The API names in the commit message don't match the actual functions.
Looking at tools/testing/selftests/bpf/libarena/include/libarena/lvqueue.h:

    int lvq_owner_push(lv_queue_t *lvq, u64 val);
    int lvq_owner_pop(lv_queue_t *lvq, u64 *val);
    int lvq_steal(lv_queue_t *lvq, u64 *val);

The functions use 'lvq_' prefix, not 'lvqueue_'.

Also, the commit message describes push/pop as operating on the 'top' and
steal as operating on the 'bottom', while the code follows the standard
Chase-Lev convention where the owner operates at 'bottom' and stealers at
'top'. In lvq_owner_push():

    b = smp_load_acquire(&lvq->bottom);
    ...
    lv_arr_put(lvq->cur, b, val);
    smp_store_release(&lvq->bottom, b + 1);

And in lvq_steal():

    t = smp_load_acquire(&lvq->top);
    ...
    if (cmpxchg(&lvq->top, t, t + 1) != t)

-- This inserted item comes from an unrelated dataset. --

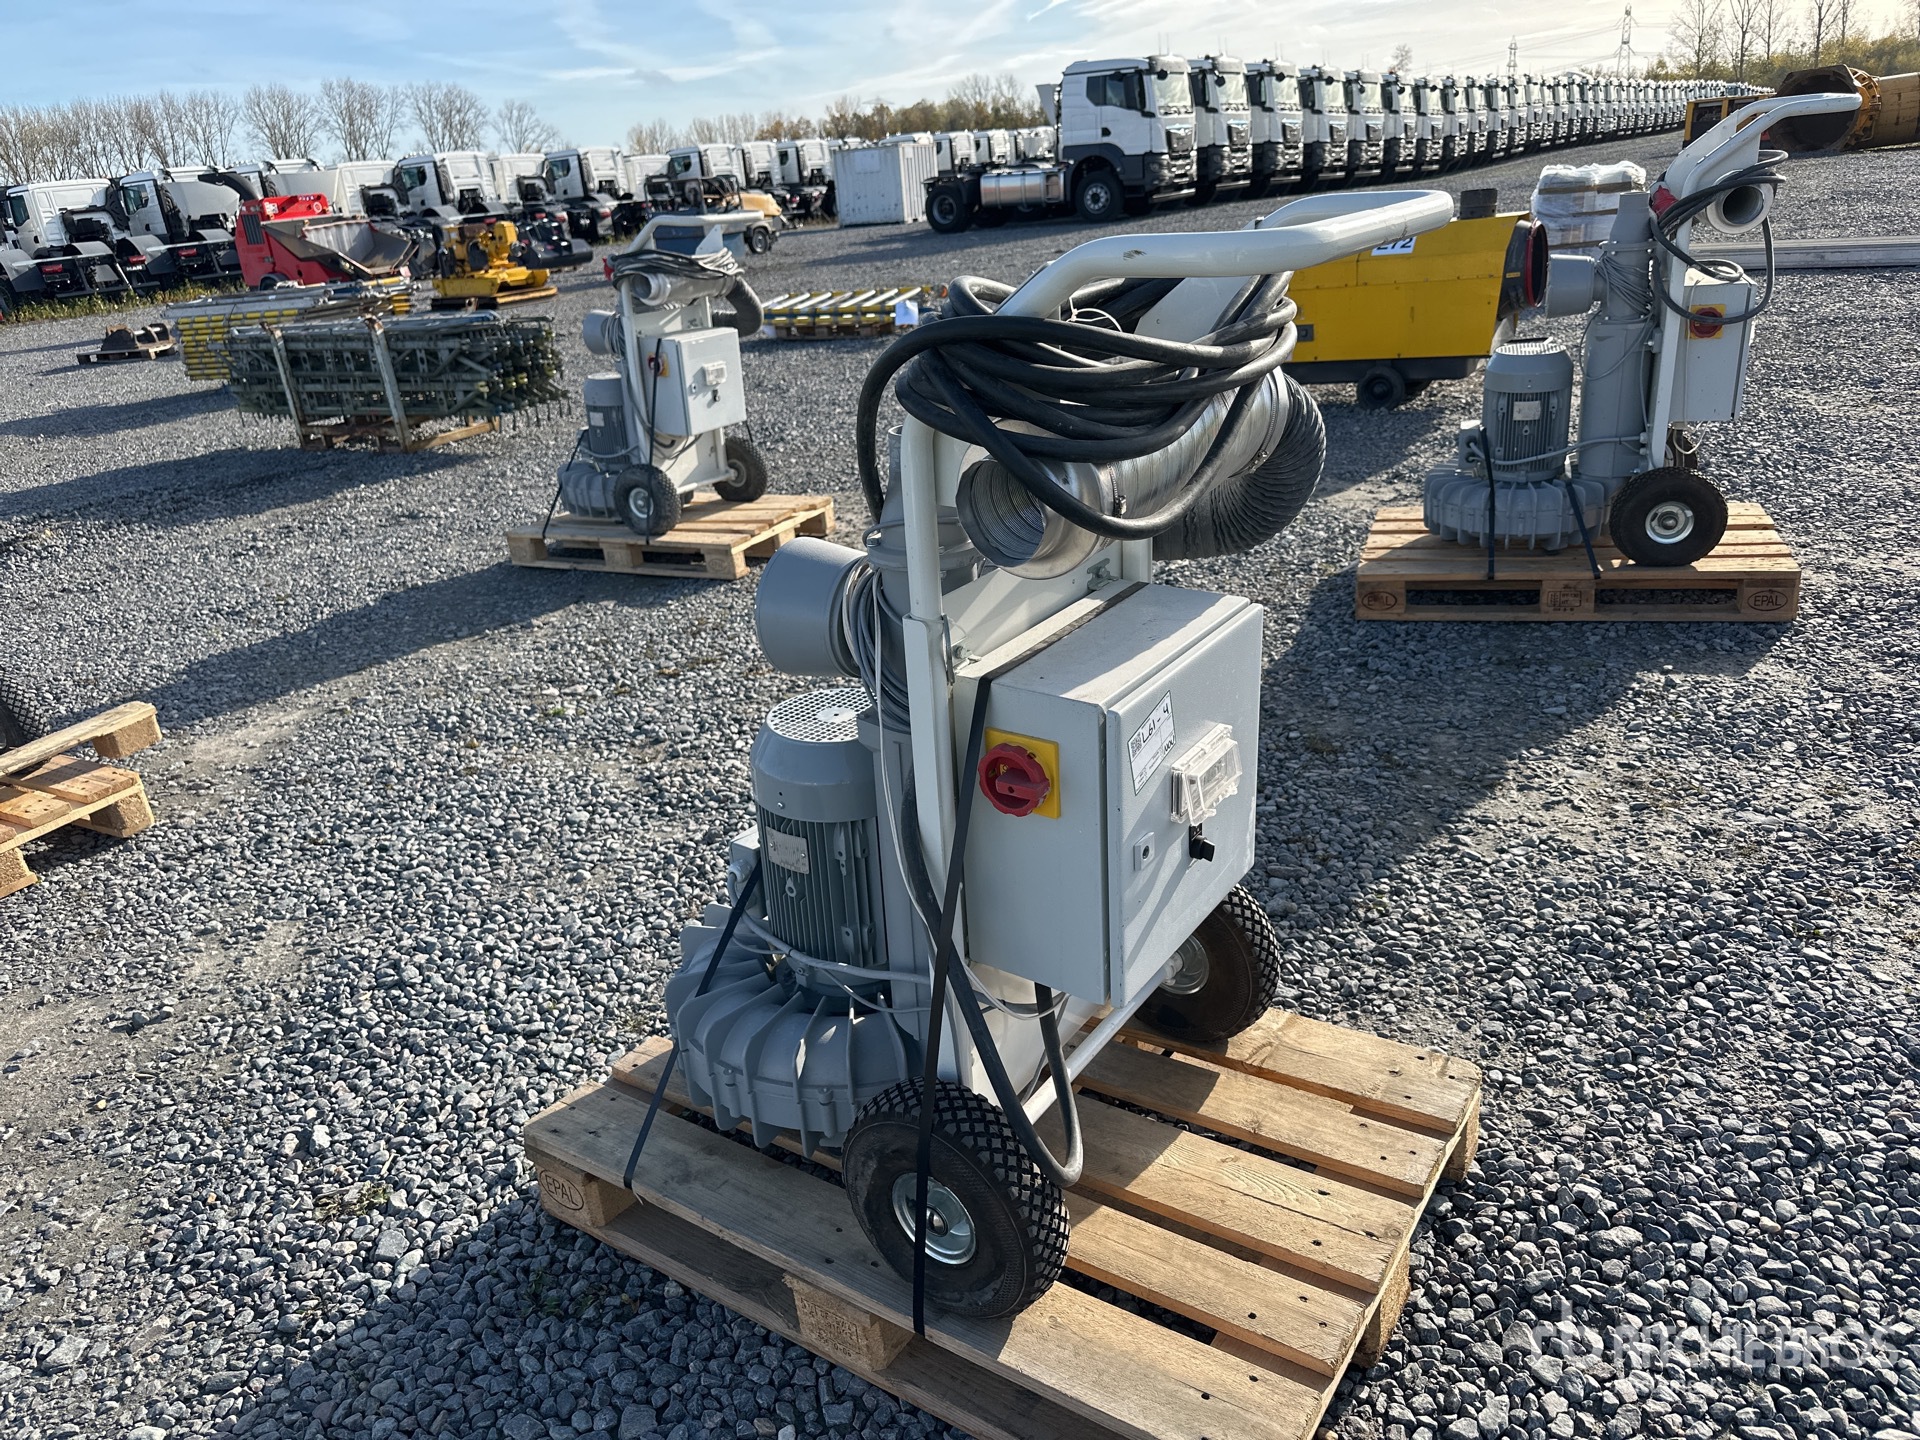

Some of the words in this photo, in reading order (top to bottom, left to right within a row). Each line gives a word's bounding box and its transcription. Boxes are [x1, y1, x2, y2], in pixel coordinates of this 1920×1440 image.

Could the commit message use the correct API names and clarify the
terminology to match the variable names in the code?

[ ... ]

> diff --git a/tools/testing/selftests/bpf/libarena/src/lvqueue.bpf.c b/tools/testing/selftests/bpf/libarena/src/lvqueue.bpf.c
> new file mode 100644
> index 000000000000..b93c4f9d1c92
> --- /dev/null
> +++ b/tools/testing/selftests/bpf/libarena/src/lvqueue.bpf.c
> @@ -0,0 +1,241 @@

[ ... ]

> +static inline
> +int lvq_order_init(lv_queue_t *lvq __arg_arena, int order)
> +{
> +	lv_arr_t *arr = &lvq->arr[order];
> +
> +	if (unlikely(!lvq))
> +		return -EINVAL;
> +
> +	if (order >= LV_ARR_ORDERS)
> +		return -E2BIG;

The pointer 'arr' is computed from '&lvq->arr[order]' before both the NULL
check and the bounds check. Although this pointer is never dereferenced on
the failure paths, forming a pointer more than one past the end of an array
is undefined behavior per C17 6.5.6p8.

This can occur when lvq_owner_push() calls lvq_order_init(lvq, arr->order + 1)
with arr->order + 1 == LV_ARR_ORDERS.

Since this function is marked '__arg_arena' and invoked by BPF programs, the
verifier may reject the out-of-bounds pointer arithmetic. Should the 'arr'
assignment be moved after both checks?

[ ... ]


---
AI reviewed your patch. Please fix the bug or email reply why it's not a bug.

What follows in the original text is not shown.